The committee identified the following CVD states that, if identified in a patient planning high-altitude travel, increase risk for CV events at high altitude:

In patients with CAD, atherosclerosis can cause paradoxical vasoconstriction of coronary vessels in response to increased oxygen demand from exercise combined with altitude-related hypoxia. Moreover, acute hypoxia may exacerbate angina symptoms.

In hypertension, high-altitude exposure causes an initial reduction in BP associated with hypoxia-related systemic vasodilation; however, the initial reduction is counteracted by chemoreflex-mediated vasoconstriction, causing BP elevation. This risk in BP is primarily driven by increased oxygen content due to high-altitude acclimatization.

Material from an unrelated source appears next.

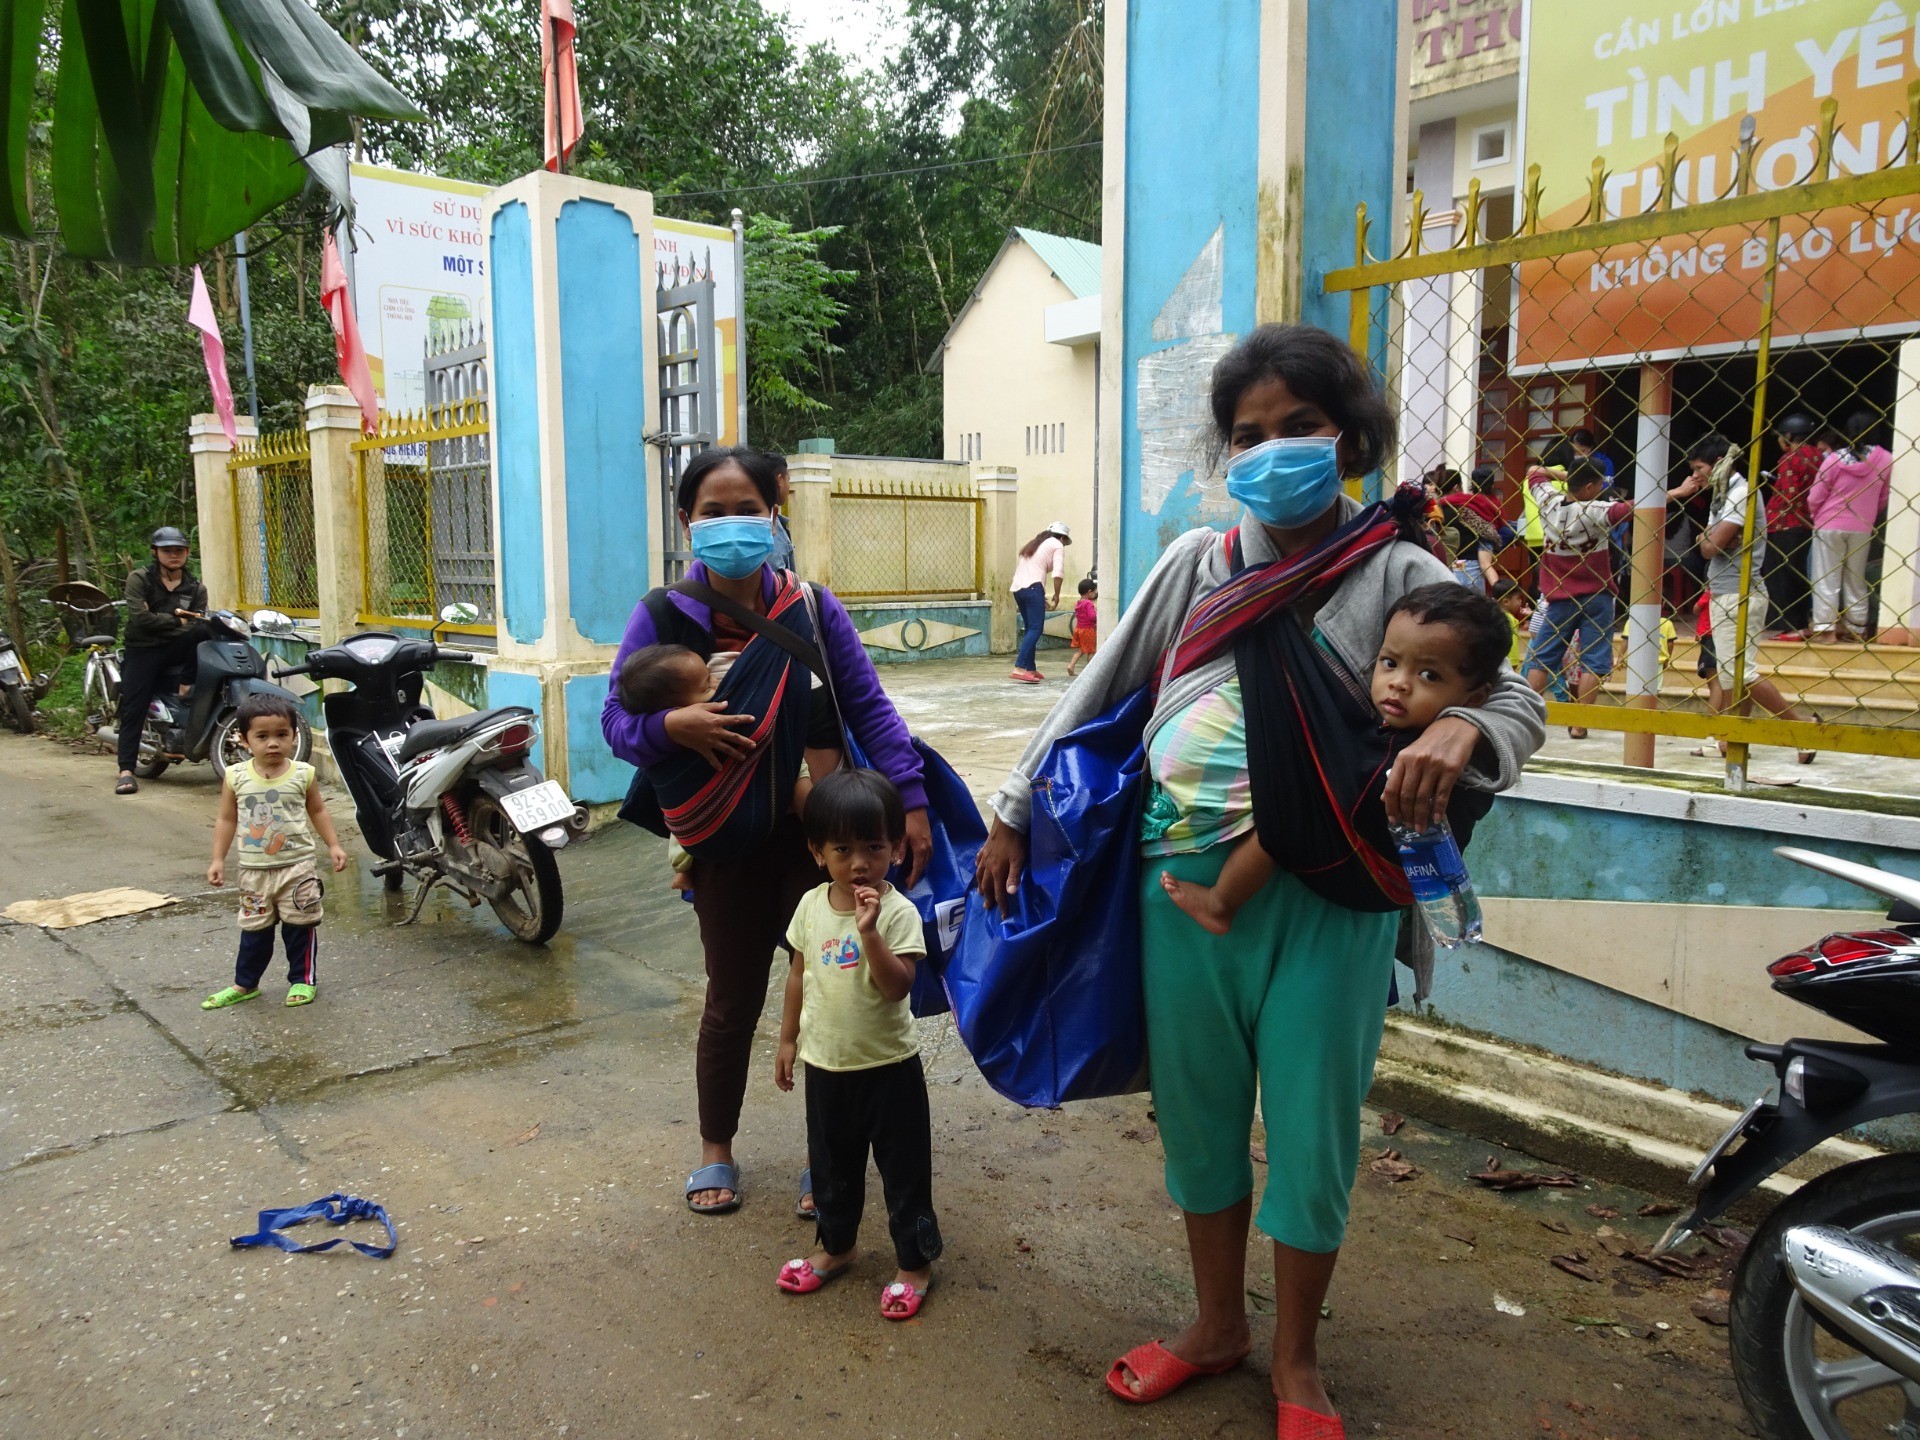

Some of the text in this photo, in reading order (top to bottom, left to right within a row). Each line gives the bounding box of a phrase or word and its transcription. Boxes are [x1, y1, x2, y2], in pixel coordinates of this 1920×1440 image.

In patients with rhythm disorders or at risk for sudden cardiac death, acute hypoxia may trigger an arrhythmic event. According to the statement, prior observational studies showed that more than 50% of sudden cardiac deaths at altitude occur within the first day of exposure.

Physiological responses to hypoxia, including sympathetic nerve activation, elevated systemic and pulmonary arterial pressures, tachycardia, increased lung fluid content and reductions in stroke volume, may worsen symptoms in patients with HF with reduced ejection fraction. In addition, HF therapies such as carvedilol, diuretics and acetazolamide may inhibit exercise tolerance at altitude. According to the statement, there are no published studies on altitude tolerance among patients with HF with preserved ejection fraction; however, patients with HFpEF are likely to have elevated pulmonary arterial pressure, hypertension and atrial fibrillation at sea level, so heart-rate and BP control at altitude may be important.